*** DATA SHOWN ***

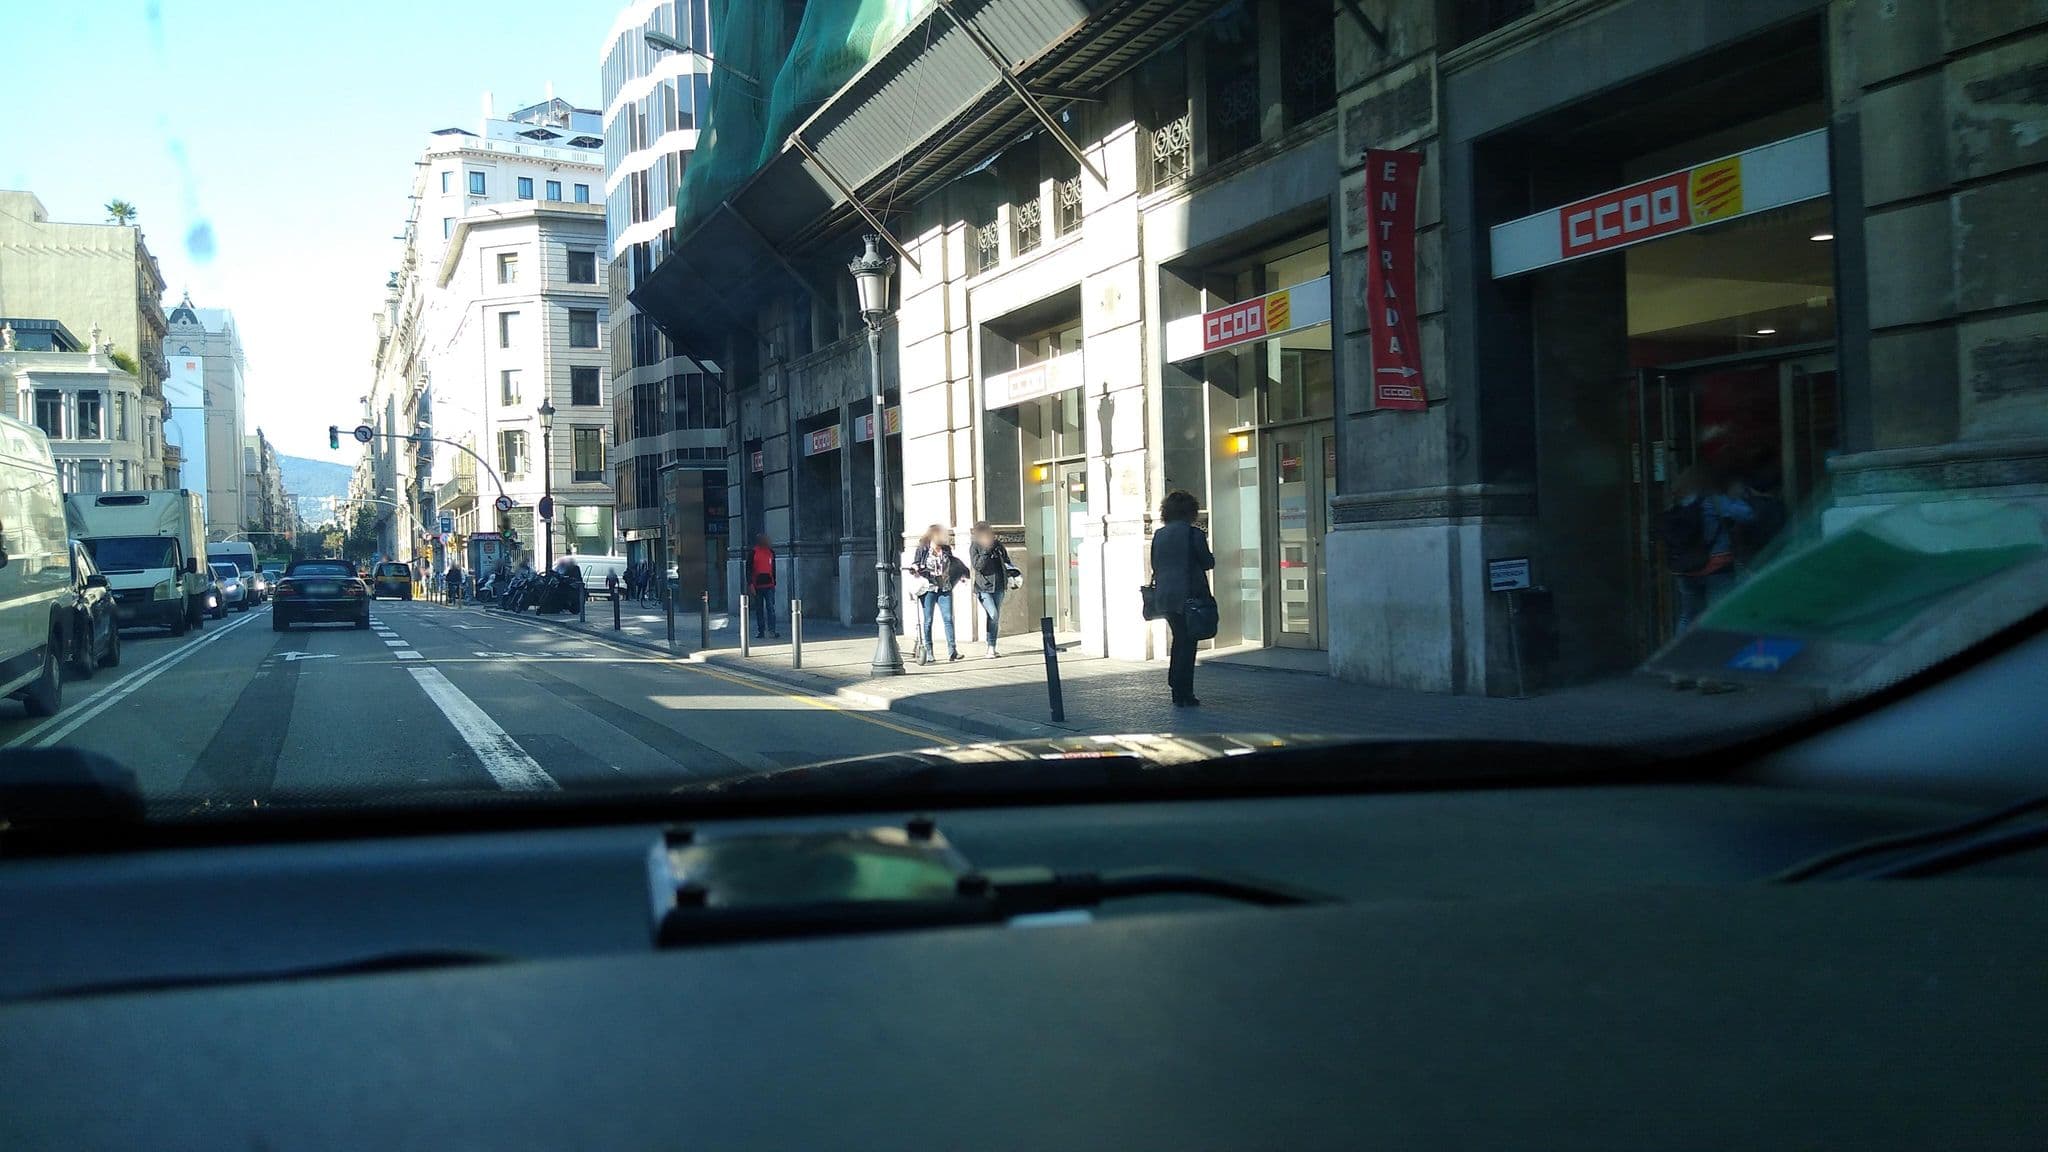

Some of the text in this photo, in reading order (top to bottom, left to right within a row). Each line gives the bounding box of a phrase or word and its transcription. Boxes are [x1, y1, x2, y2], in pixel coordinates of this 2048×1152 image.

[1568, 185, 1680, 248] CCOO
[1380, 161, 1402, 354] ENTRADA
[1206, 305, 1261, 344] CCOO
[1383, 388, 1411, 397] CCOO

***

BRIEF: Please retype the whole listing above word for word and drop the pictures.

OUTPUT FOR THIS TASK:
Some of the text in this photo, in reading order (top to bottom, left to right within a row). Each line gives the bounding box of a phrase or word and its transcription. Boxes are [x1, y1, x2, y2], in pixel coordinates of this 2048×1152 image.

[1568, 185, 1680, 248] CCOO
[1380, 161, 1402, 354] ENTRADA
[1206, 305, 1261, 344] CCOO
[1383, 388, 1411, 397] CCOO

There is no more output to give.